ACTION ITEM
When you output the records, match them exactly and omit any picture they include.

MATERIAL TO PROCESS

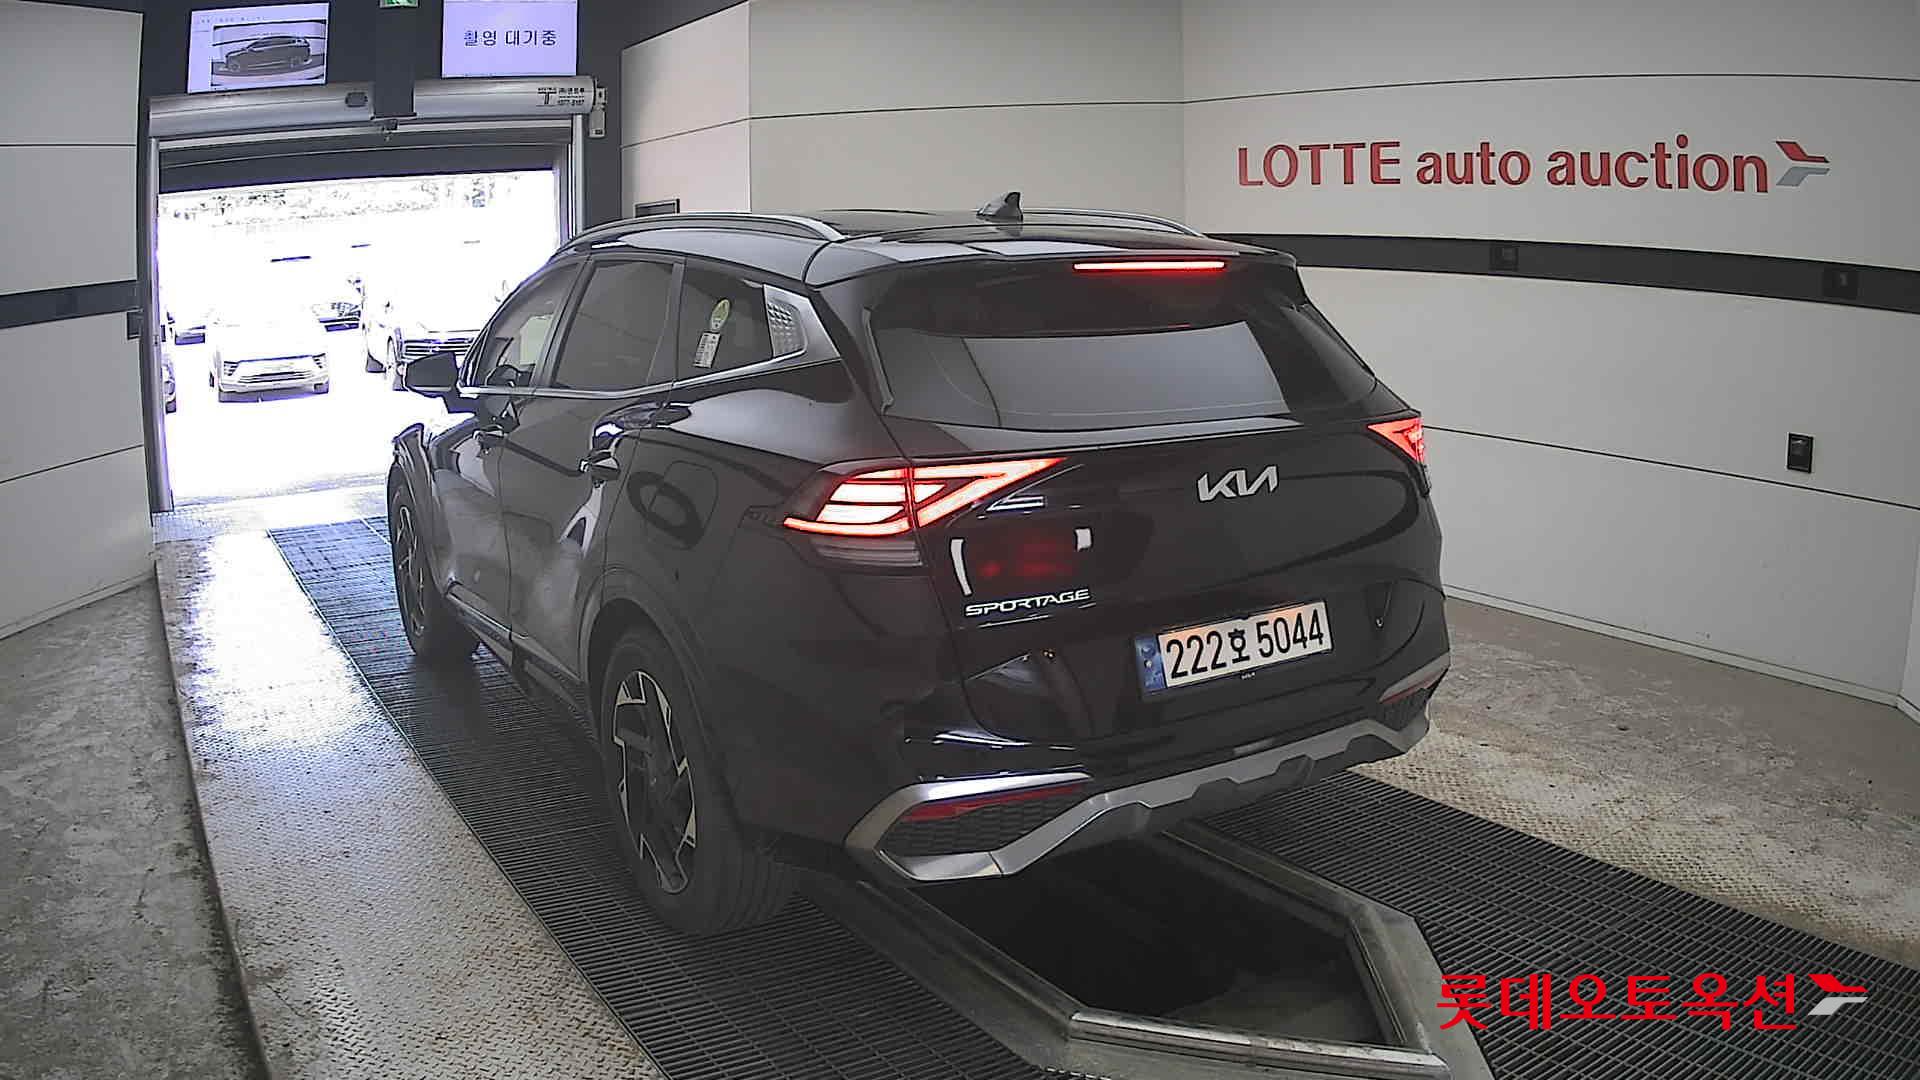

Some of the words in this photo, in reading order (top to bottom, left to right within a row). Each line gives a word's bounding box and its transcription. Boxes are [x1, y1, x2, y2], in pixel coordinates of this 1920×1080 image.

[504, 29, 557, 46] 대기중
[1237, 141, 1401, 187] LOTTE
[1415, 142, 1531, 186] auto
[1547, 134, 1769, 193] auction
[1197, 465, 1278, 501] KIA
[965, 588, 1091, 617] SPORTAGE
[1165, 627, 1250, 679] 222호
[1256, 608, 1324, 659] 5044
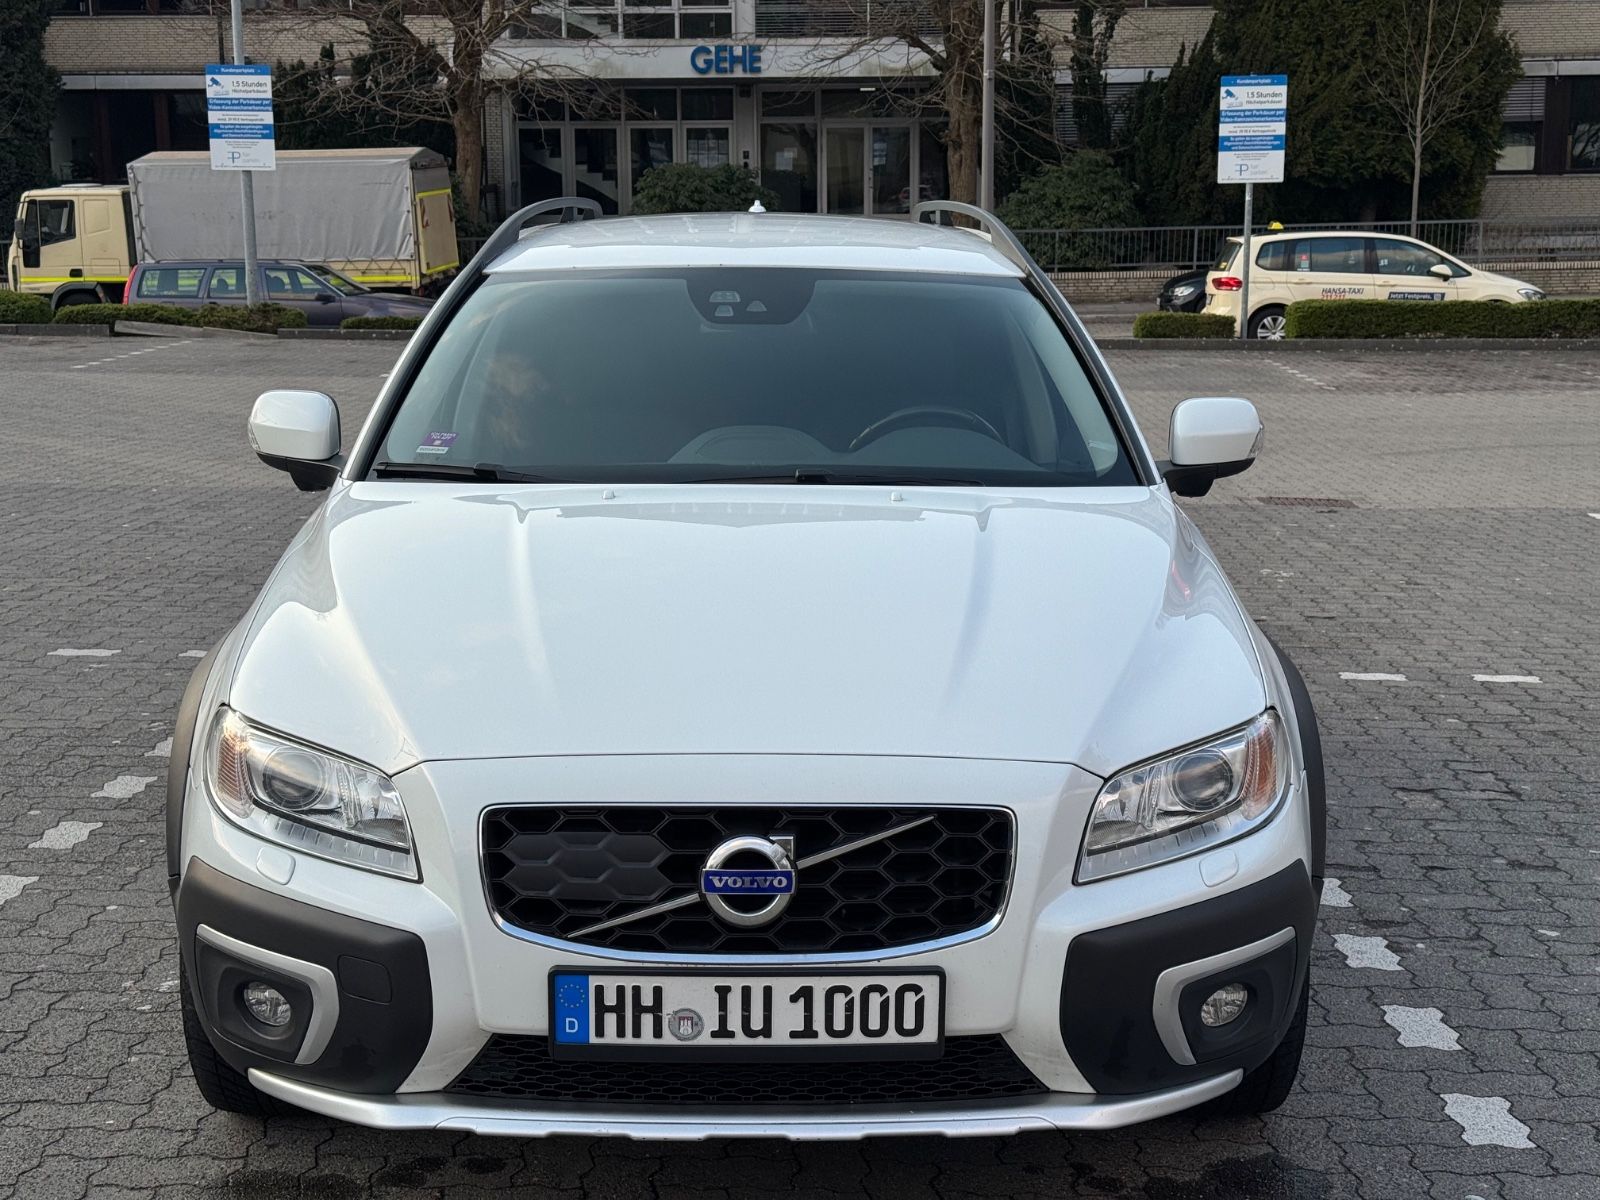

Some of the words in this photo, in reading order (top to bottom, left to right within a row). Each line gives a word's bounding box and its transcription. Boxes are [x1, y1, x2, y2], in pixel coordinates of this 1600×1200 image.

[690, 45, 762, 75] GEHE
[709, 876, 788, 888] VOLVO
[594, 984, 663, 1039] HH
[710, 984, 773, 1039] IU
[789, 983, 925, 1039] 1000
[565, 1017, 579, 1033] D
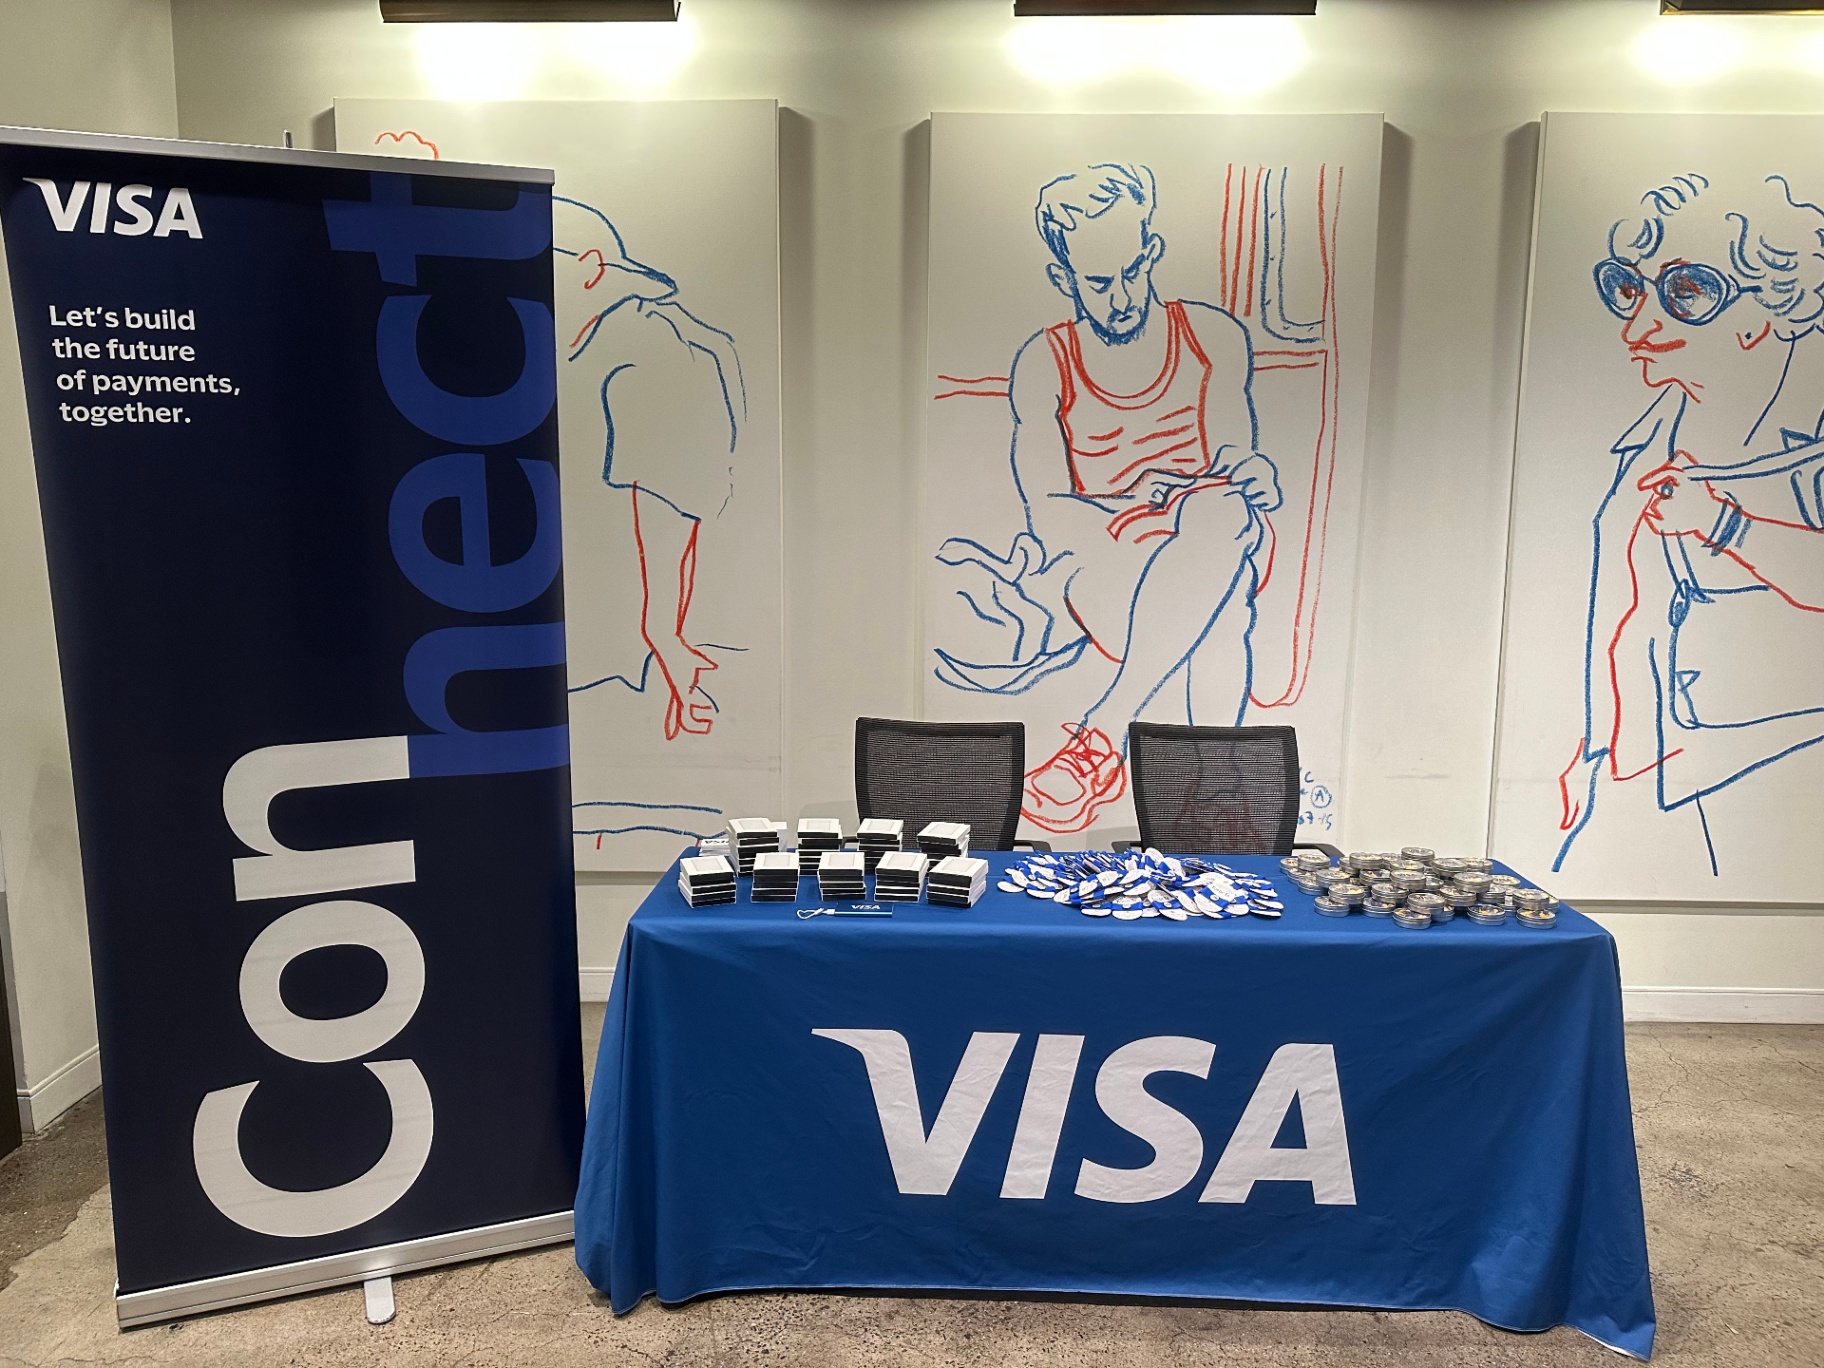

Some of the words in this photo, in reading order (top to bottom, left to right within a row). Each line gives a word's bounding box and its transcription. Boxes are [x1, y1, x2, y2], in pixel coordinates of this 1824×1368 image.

TASK OUTPUT
Some of the words in this photo, in reading order (top to bottom, left to right within a row). Each line gives a word's bounding box and its transcription. Boxes are [x1, y1, x2, y2], in pixel coordinates of this 1920×1080 image.

[504, 29, 557, 46] 대기중
[1237, 141, 1401, 187] LOTTE
[1415, 142, 1531, 186] auto
[1547, 134, 1769, 193] auction
[1197, 465, 1278, 501] KIA
[965, 588, 1091, 617] SPORTAGE
[1165, 627, 1250, 679] 222호
[1256, 608, 1324, 659] 5044

Some of the words in this photo, in reading order (top to bottom, left to right within a row). Each line gives a word's bounding box and its transcription. Boxes are [x1, y1, x2, y2], in pixel coordinates of this 1600×1200 image.

[690, 45, 762, 75] GEHE
[709, 876, 788, 888] VOLVO
[594, 984, 663, 1039] HH
[710, 984, 773, 1039] IU
[789, 983, 925, 1039] 1000
[565, 1017, 579, 1033] D

Some of the words in this photo, in reading order (top to bottom, left to right within a row). Each line gives a word's bounding box and its transcription. Boxes are [x1, y1, x2, y2], in pixel coordinates of this 1824×1368 image.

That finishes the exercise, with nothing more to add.